Kubernetes is a portable, extensible and open source platform for managing containerised workloads and services. It facilitates both declarative configuration and automation, and provides a way to run distributed systems resiliently. K8s allows you to take care of self-healing, scaling, load balancing and failover of your applications.
In the last article on Helm, we discussed its usage, creating your own Helm Chart and installation methods. Now let’s create our own private Helm repository to host Helm Charts using Apache Web Server with a self-signed SSL certificate.
The requirements are:
- Kubernetes
- Helm
- Kubectl
- Apache Web Server
Install and configure Apache Web Server
Install Apache Web Server with a self-signed SSL certificate, with basic authentication on CentOS 7.
Let’s update and install Apache:
# yum update # yum install httpd mod_ssl -y
Now create a self-signed SSL certificate:
# mkdir /etc/httpd/ssl # openssl req -x509 -nodes -days 365 -newkey rsa:2048 -keyout /etc/httpd/ssl/helm_private.key -out /etc/httpd/ssl/helm_repo.crt
After answering the questions, you will get /etc/httpd/ssl/helm_private.key and /etc/httpd/ssl/helm_repo.crt.
Now, configure this SSL certificate in httpd configuration.

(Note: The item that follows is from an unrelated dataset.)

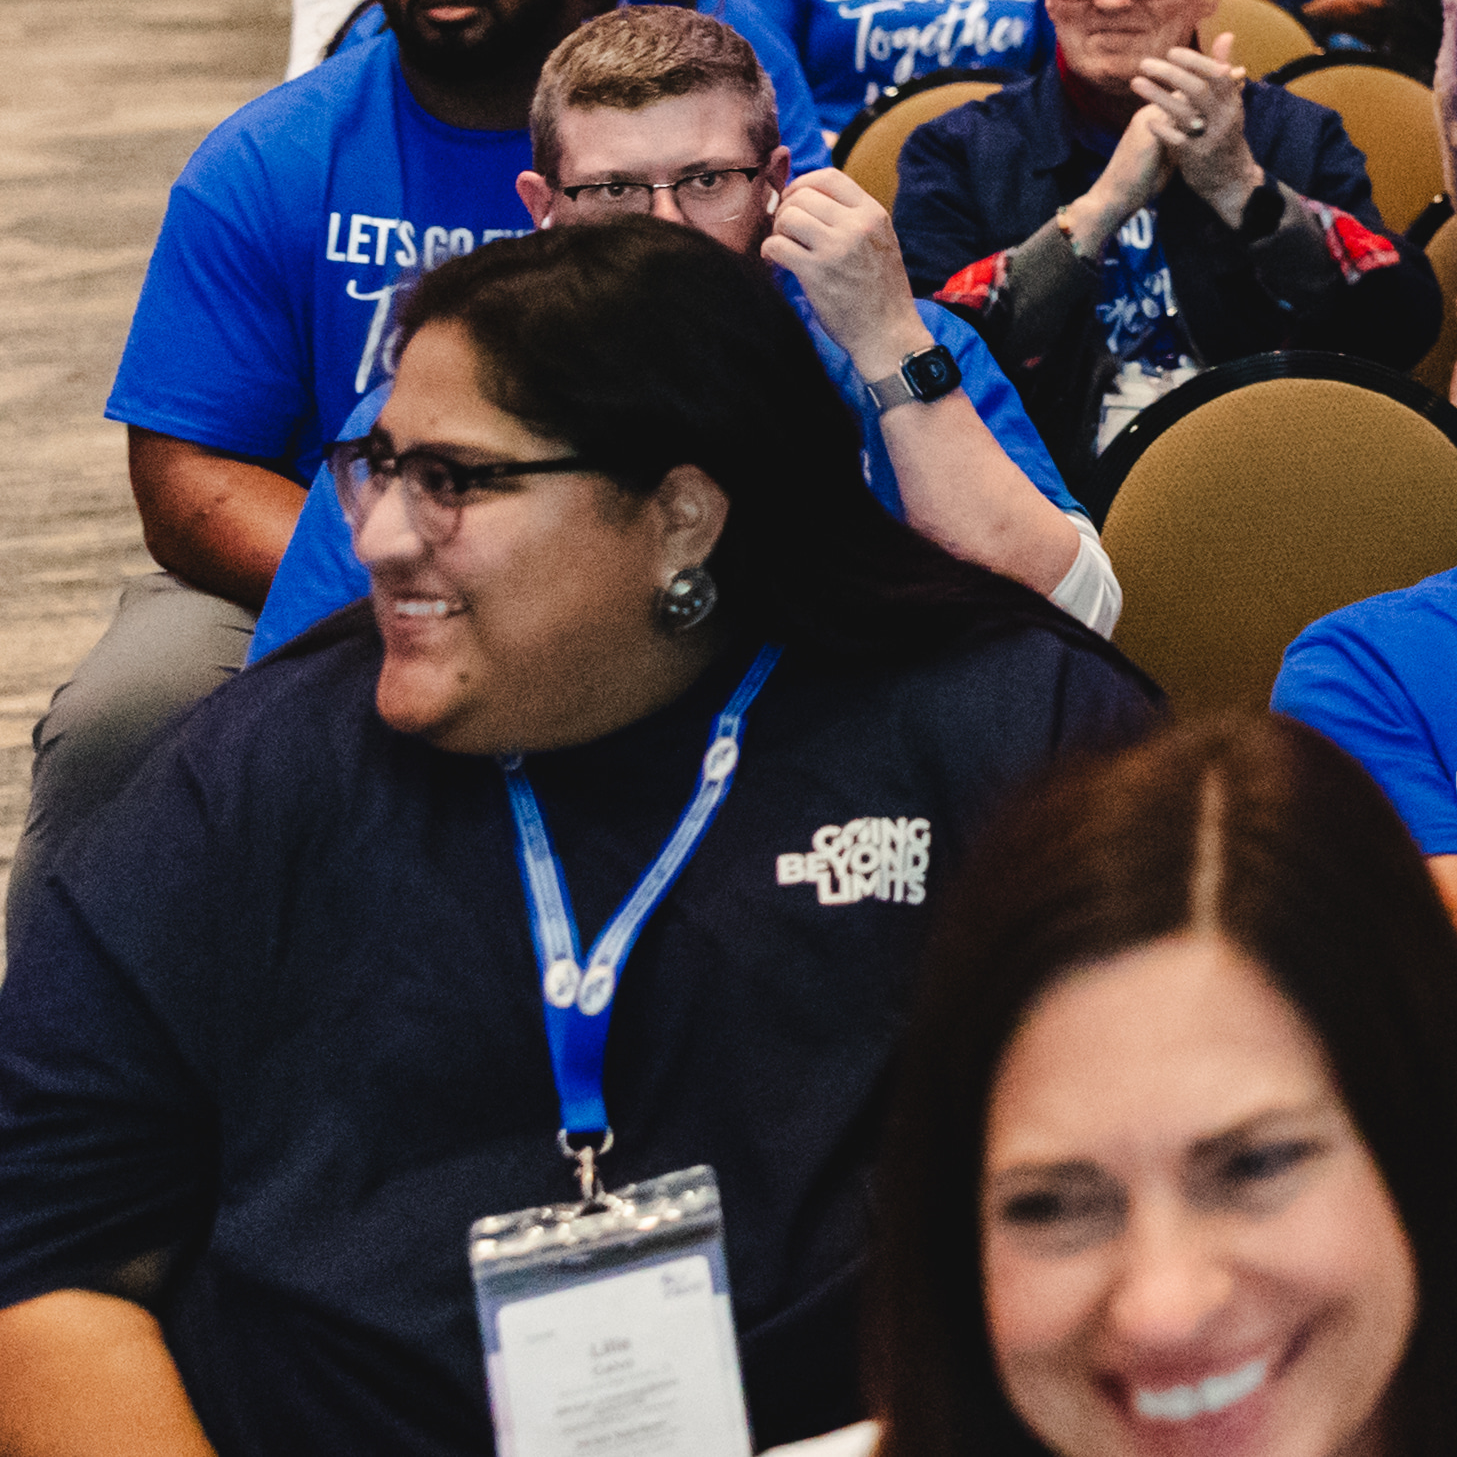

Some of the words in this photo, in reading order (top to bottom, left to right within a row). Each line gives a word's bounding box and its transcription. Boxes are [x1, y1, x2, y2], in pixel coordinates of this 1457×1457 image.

Open /etc/httpd/conf.d/ssl.conf and edit the following lines:
SSLCertificateFile /etc/httpd/ssl/helm_private.key SSLCertificateKeyFile /etc/httpd/ssl/helm_repo.crt
Configure basic authentication for Apache:
# echo “test101” | htpasswd -i -c /etc/httpd/.htpasswd admin
Now, add the following lines at the end of /etc/httpd/conf/httpd.conf:
<Directory “/var/www/html”> AuthType Basic AuthName “Helm Private Repo” AuthUserFile /etc/httpd/.htpasswd Require valid-user </Directory>
Restart httpd service to enable changes:
# systemctl start httpd # systemctl enable httpd # systemctl status httpd
Go to your browser and visit https://localhost to verify Web server status and basic authentication.
Create a Helm repository
We have the Web server up and running to host our Helm repository. Now, create a Helm repository inside the Apache Web root directory:
# mkdir /var/www/html/charts # cd /var/www/html # helm repo index charts/ --url https://localhost/charts
Once done, you can visit https://localhost/charts/index.yaml and get the output shown in Figure 2.
To add a basic Helm Chart, download https://github.com/Akasurde/shared_contents/raw/master/helm_chart/mychart-0.1.0.tgz to the chart’s directory.
Add this newly created repository to the Kubernetes cluster:
# helm repo add centos https://localhost/charts/ --insecure-skip-tls-verify --username admin --password admin
This will add the new repository centos in the Helm Chart repository. You can cross-verify by typing:
# helm repo list
Install Helm Chart
Install the Helm Chart from the newly added repository by using the following code:
# helm install centos/mychart mychart-web
You can check your deployed application using:
# kubectl get pods
So, we have successfully created a private Helm repository and deployed a Helm Chart from this repository.